En este sentido, son bastante explicitas las narraciones de las atrocidades cometidas por los castellanos en América, narradas al detalle en su libro, donde se pueden encontrar testimonios como estos: “A todos los señores que eran más de ciento y que tenían atados, mandó el capitán quemar vivos en palos hincados en tierra.”

“Fue el y estando embebidos y seguros en sus bailes, dice Santiago y a ellos, y comienzan con las espadas desnudas a abrir aquellos cuerpos desnudos, a derramar aquella generosa sangre, que a uno no dejaron con vida.”

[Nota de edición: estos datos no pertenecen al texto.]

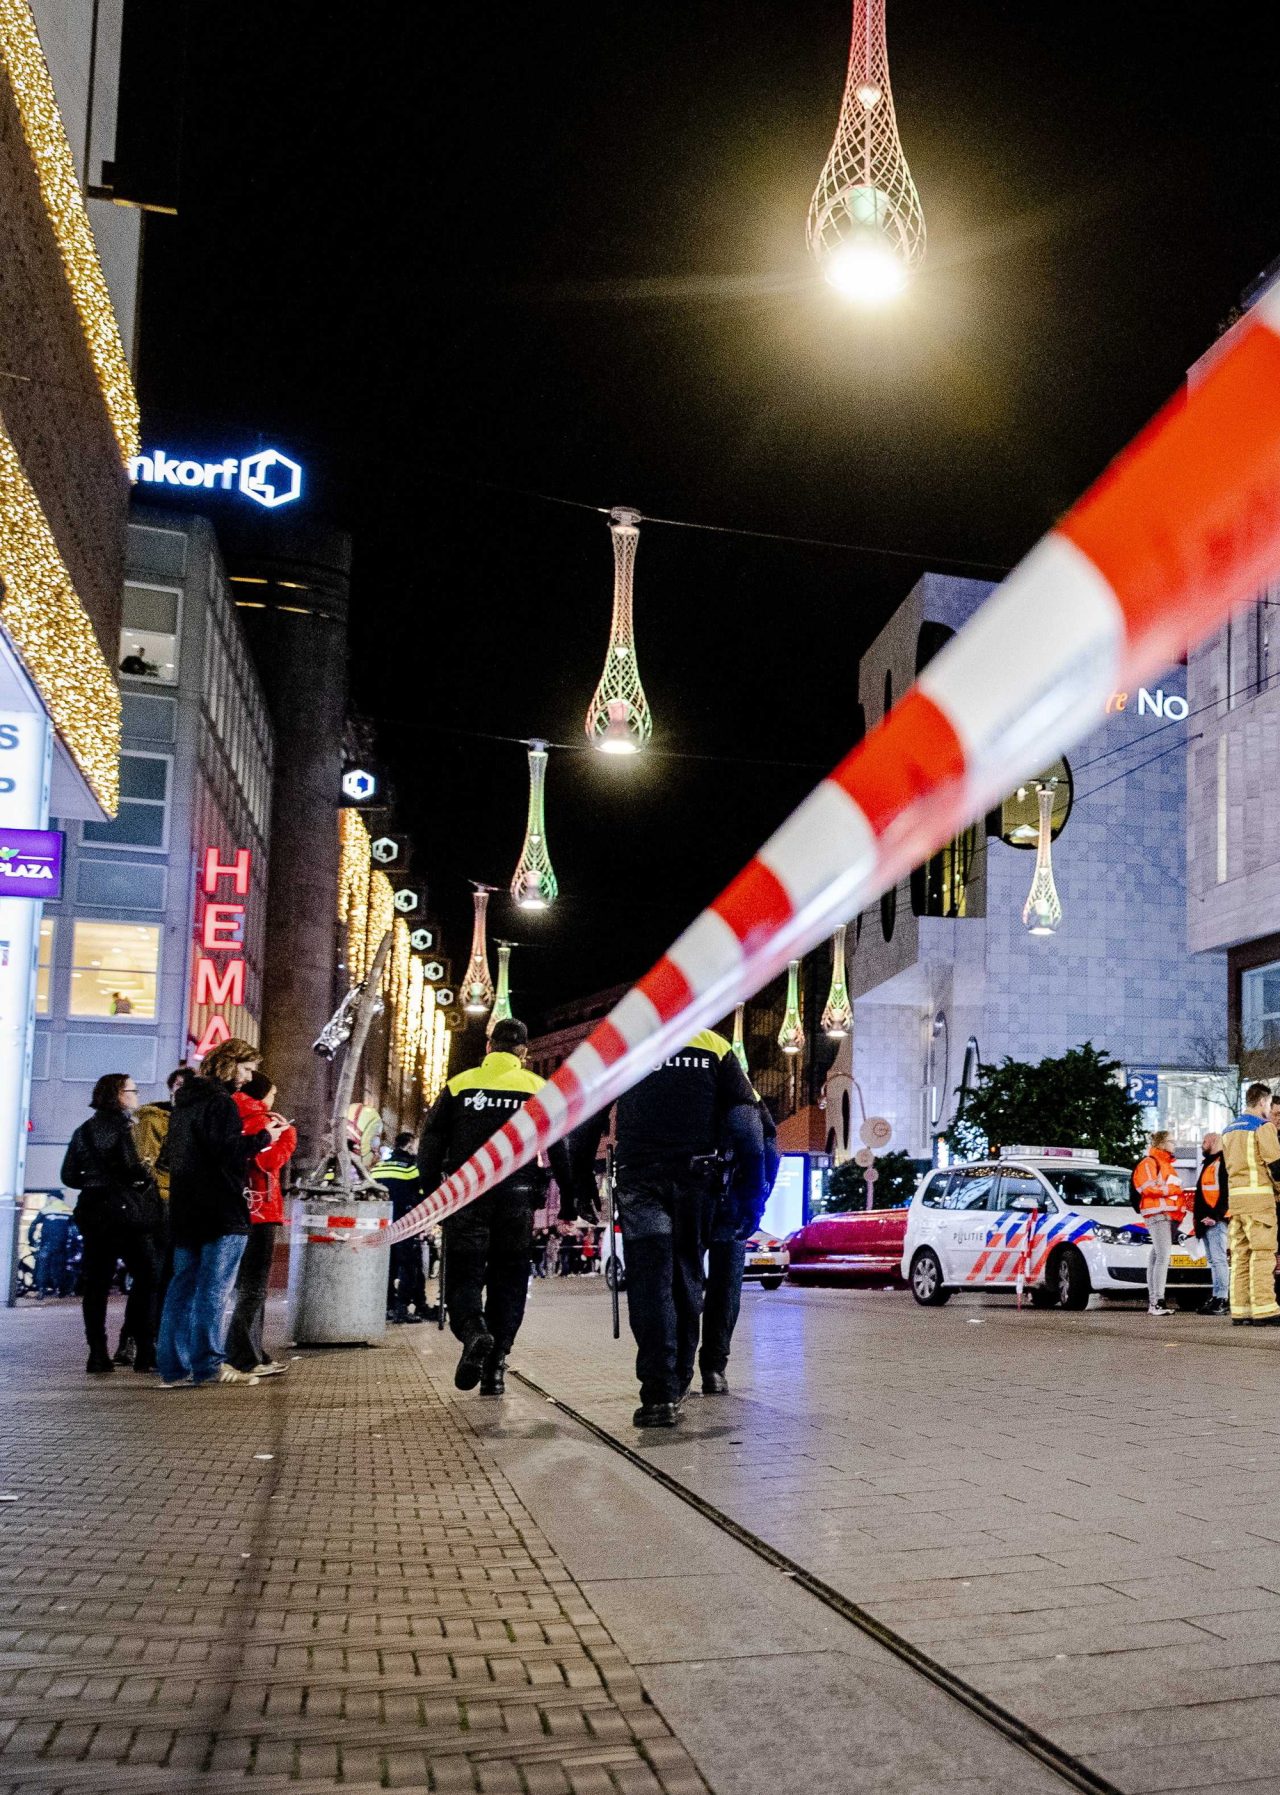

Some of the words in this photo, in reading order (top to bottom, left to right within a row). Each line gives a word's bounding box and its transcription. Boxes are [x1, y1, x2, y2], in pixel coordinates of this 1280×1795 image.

[129, 450, 239, 490] nkorf
[1138, 687, 1189, 721] No
[194, 848, 251, 1060] HEMA
[653, 1056, 710, 1071] LITIE
[953, 1233, 984, 1244] POLITIE
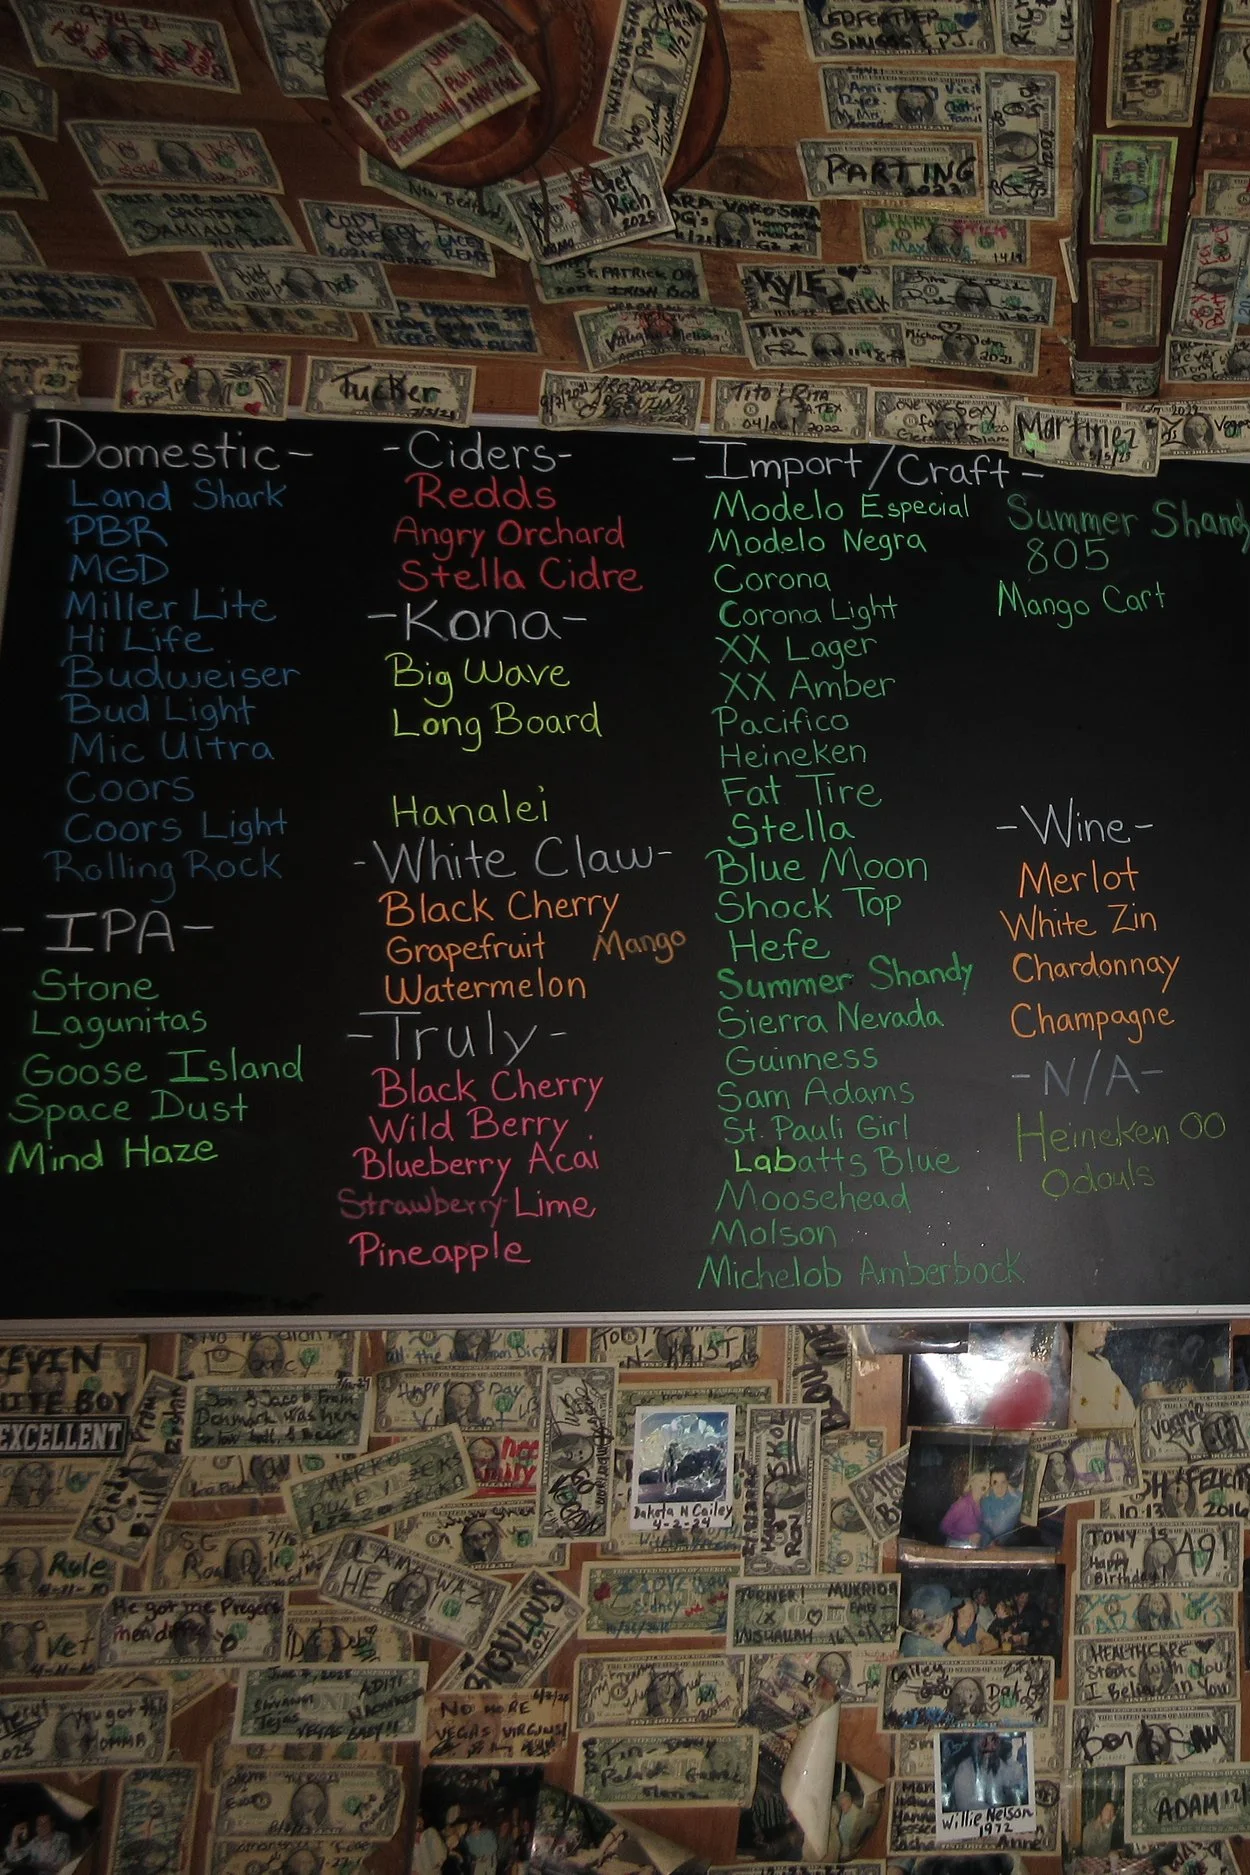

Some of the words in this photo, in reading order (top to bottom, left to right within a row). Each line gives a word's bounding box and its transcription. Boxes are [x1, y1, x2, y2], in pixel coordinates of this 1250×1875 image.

[826, 153, 976, 186] PARTING
[70, 478, 172, 511] Land
[192, 478, 287, 510] Shark
[404, 472, 557, 509] Redds
[712, 489, 844, 522] Modelo
[860, 492, 970, 521] Especial
[65, 514, 168, 547] PBR
[393, 515, 486, 561] Angry
[496, 515, 626, 548] Orchard
[708, 527, 826, 556] Modelo
[843, 527, 928, 561] Negra
[68, 553, 170, 585] MGD
[398, 557, 526, 592] Stella
[539, 556, 644, 592] Cidre
[1026, 537, 1111, 577] 805
[713, 563, 832, 593] Corona
[64, 591, 178, 621] Miller
[192, 586, 277, 622] Lite
[997, 578, 1091, 630] Mango
[1101, 582, 1167, 615] Cart
[60, 654, 302, 689] Budweiser
[385, 652, 453, 708] Big
[464, 656, 571, 687] Wave
[711, 705, 850, 737] Pacifico
[719, 742, 868, 769] Heineken
[66, 771, 195, 803] Coors
[392, 785, 550, 829] Hanalei
[43, 849, 176, 903] Rolling
[183, 847, 282, 880] Rock
[705, 848, 806, 886] Blue
[820, 845, 930, 883] Moon
[1018, 856, 1140, 900] Merlot
[1000, 905, 1098, 944] White
[1107, 903, 1159, 935] Zin
[386, 931, 546, 972] Grapefruit
[729, 929, 831, 964] Hefe
[32, 969, 159, 1001] Stone
[384, 967, 587, 1006] Watermelon
[1012, 952, 1181, 995] Chardonnay
[32, 1008, 208, 1050] Lagunitas
[717, 1005, 828, 1041] Sierra
[837, 998, 944, 1032] Nevada
[1010, 1002, 1176, 1046] Champagne
[23, 1053, 147, 1087] Goose
[167, 1044, 304, 1084] Island
[368, 1113, 454, 1144] Wild
[466, 1105, 570, 1152] Berry
[7, 1139, 103, 1175] Mind
[124, 1135, 219, 1169] Haze
[348, 1230, 532, 1275] Pineapple
[0, 1421, 125, 1453] EXCELLENT
[634, 1504, 677, 1520] Dakota
[692, 1503, 733, 1526] Cailey
[1089, 1530, 1136, 1548] TONY
[1091, 1556, 1129, 1572] Happy
[941, 1810, 982, 1833] Willie
[986, 1807, 1034, 1821] Nelson
[1158, 1791, 1221, 1821] ADAM
[977, 1822, 1013, 1835] 1972
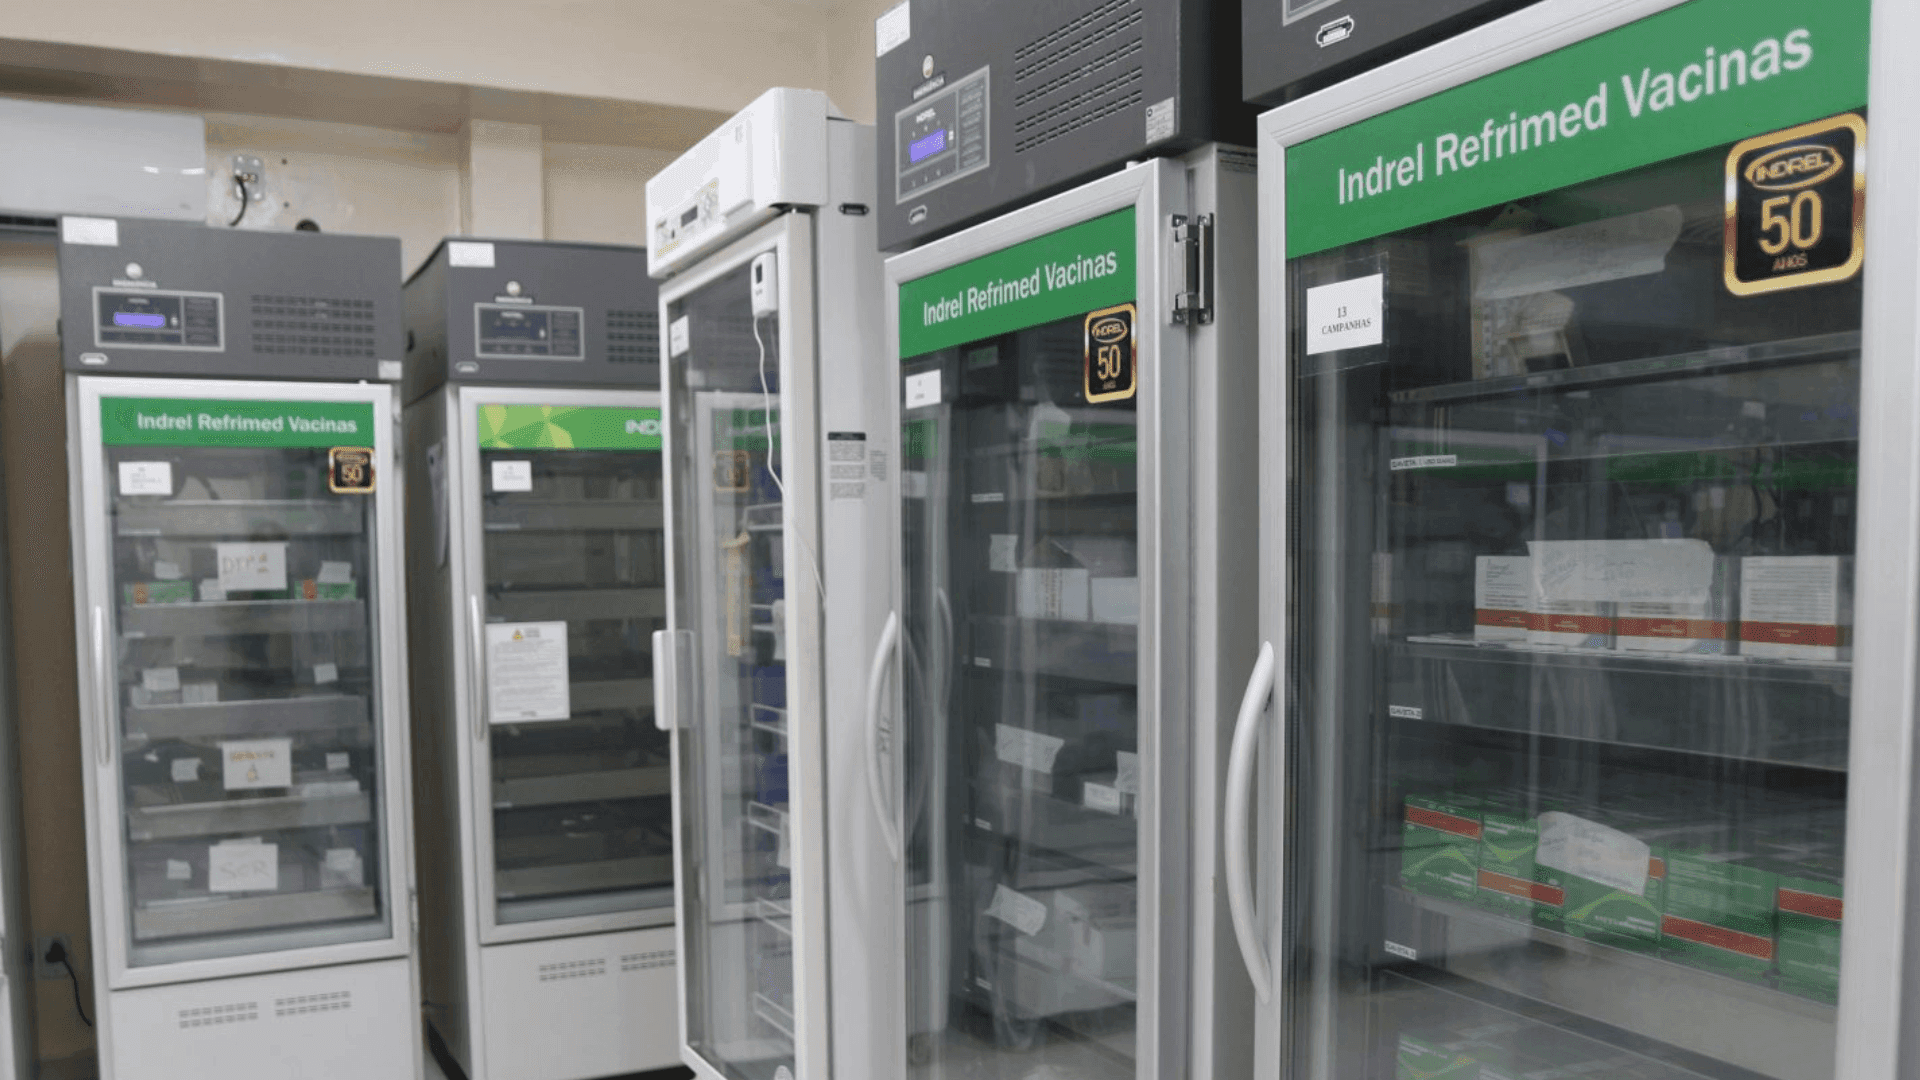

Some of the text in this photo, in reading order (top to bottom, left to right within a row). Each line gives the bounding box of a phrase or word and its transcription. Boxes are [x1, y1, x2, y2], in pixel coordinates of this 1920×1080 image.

[1338, 27, 1813, 205] Indrel Refrimed Vacinas
[1756, 152, 1830, 181] INDREL
[1758, 190, 1823, 255] 50
[1772, 253, 1808, 271] ANOS
[923, 251, 1117, 326] Indrel Refrimed Vacinas
[1321, 318, 1372, 334] CAMPANHAS
[1337, 306, 1347, 318] 13
[1097, 345, 1121, 380] 50
[137, 412, 358, 433] Indrel Refrimed Vacinas
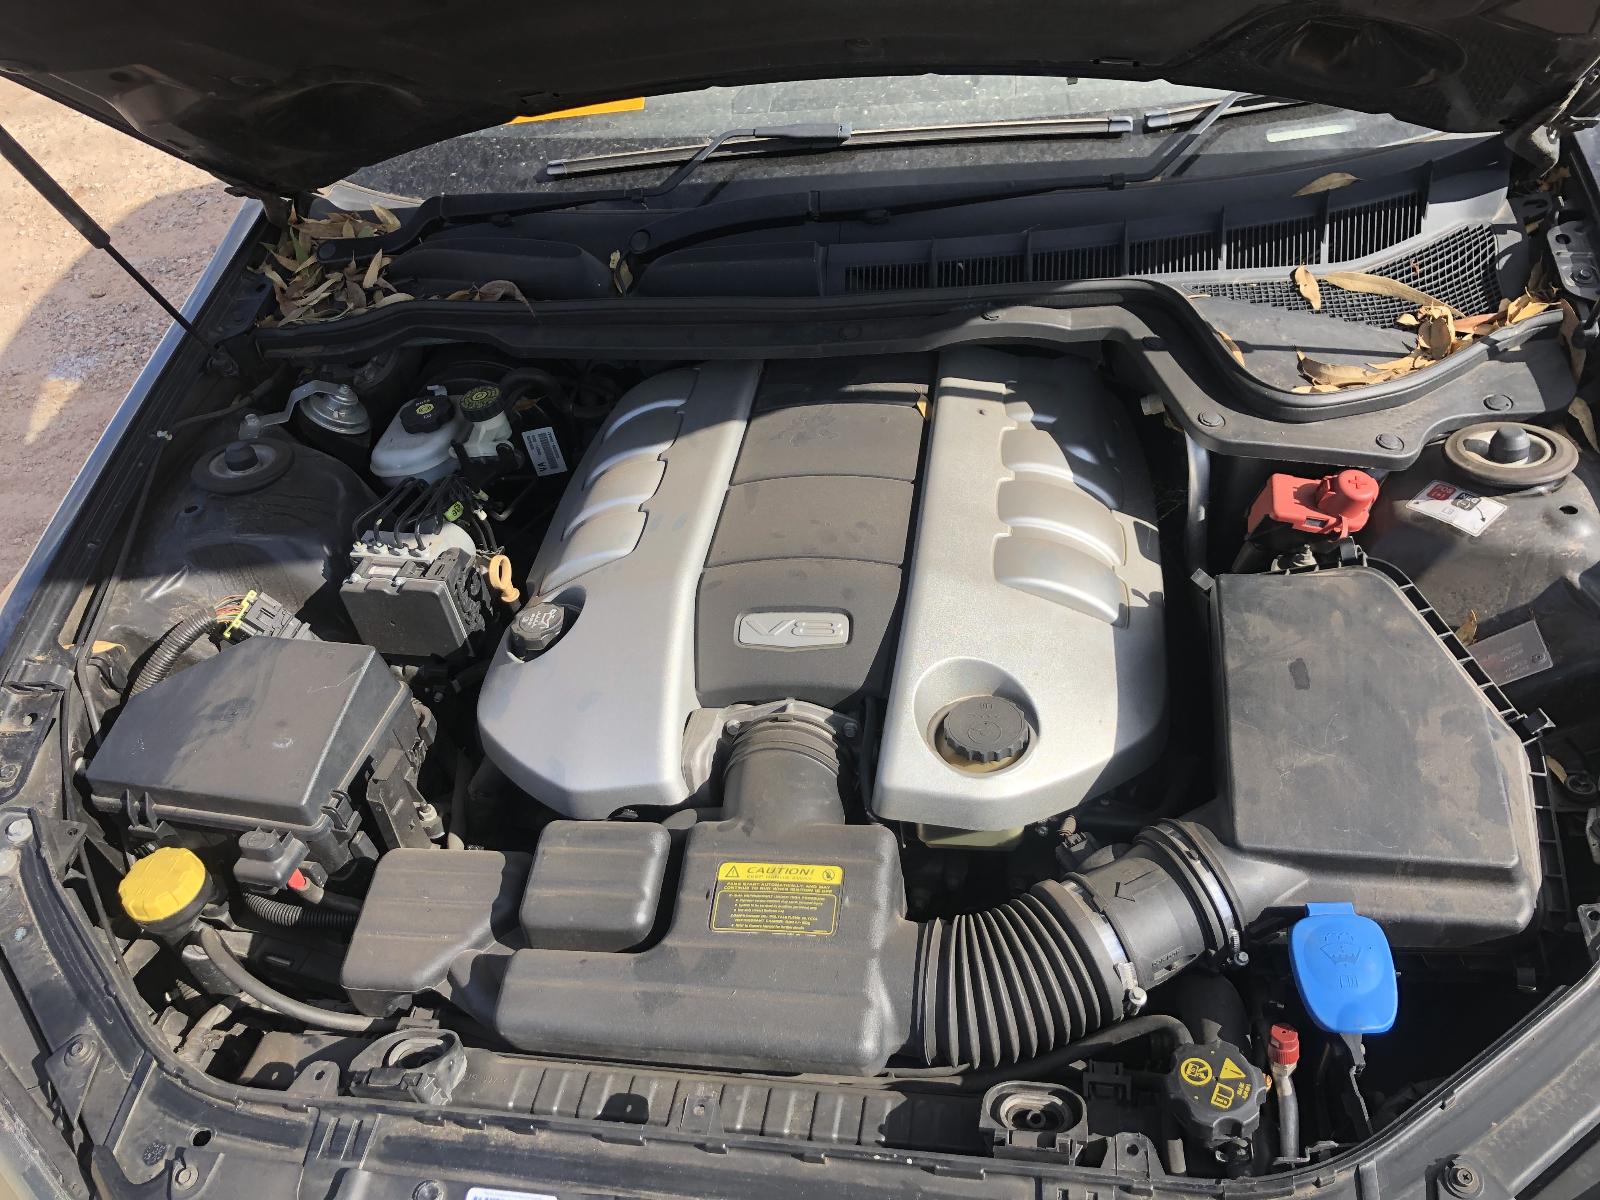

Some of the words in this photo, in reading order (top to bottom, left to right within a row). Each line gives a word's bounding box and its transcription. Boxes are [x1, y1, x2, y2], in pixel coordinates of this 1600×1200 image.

[1460, 493, 1480, 504] NEG
[744, 619, 843, 637] V8
[747, 866, 814, 875] CAUTION!

“Hicieron ley los españoles, que todos cuantos indios de todo género y edad tomasen a vida, echasen dentro en los hoyos y así las mujeres preñadas y niños y viejos a cuantos pudieron tomar, echaban en los hoyos hasta que los henchían traspasados por las estacas.”

“Y así había en su real, solemnísima carnicería de carne humana, donde en su presencia se mataban los niños y se asaban y mataban el hombre, por solas las manos y los pies, que tenían por los mejores bocados.”

“Pónenlo en un cepo por los pies y el cuerpo extendido y atados por la manos a un madero, puesto un brasero junto a los pies y un muchacho con un hisopillo mojado en aceite, de cuando en cuando se los rociaba para tostarle bien, de una parte estaba un hombre cruel, que con una ballesta armada, apuntándole al corazón, de otra y de otra con un muy terrible perro bravo echándoselo que en un credo lo despedazara, y así lo torturaron para que descubriese los tesoros que pretendían.”

“Una india enferma, viendo que no podía huir de los perros que no la hiciesen pedazos, como hacían con otros, tomó una soga y atose al pie un niño que tenia de un año y ahorcase de una viga, y no lo hizo rápido, en tanto que llegaron los perros y despedazaron el niño.”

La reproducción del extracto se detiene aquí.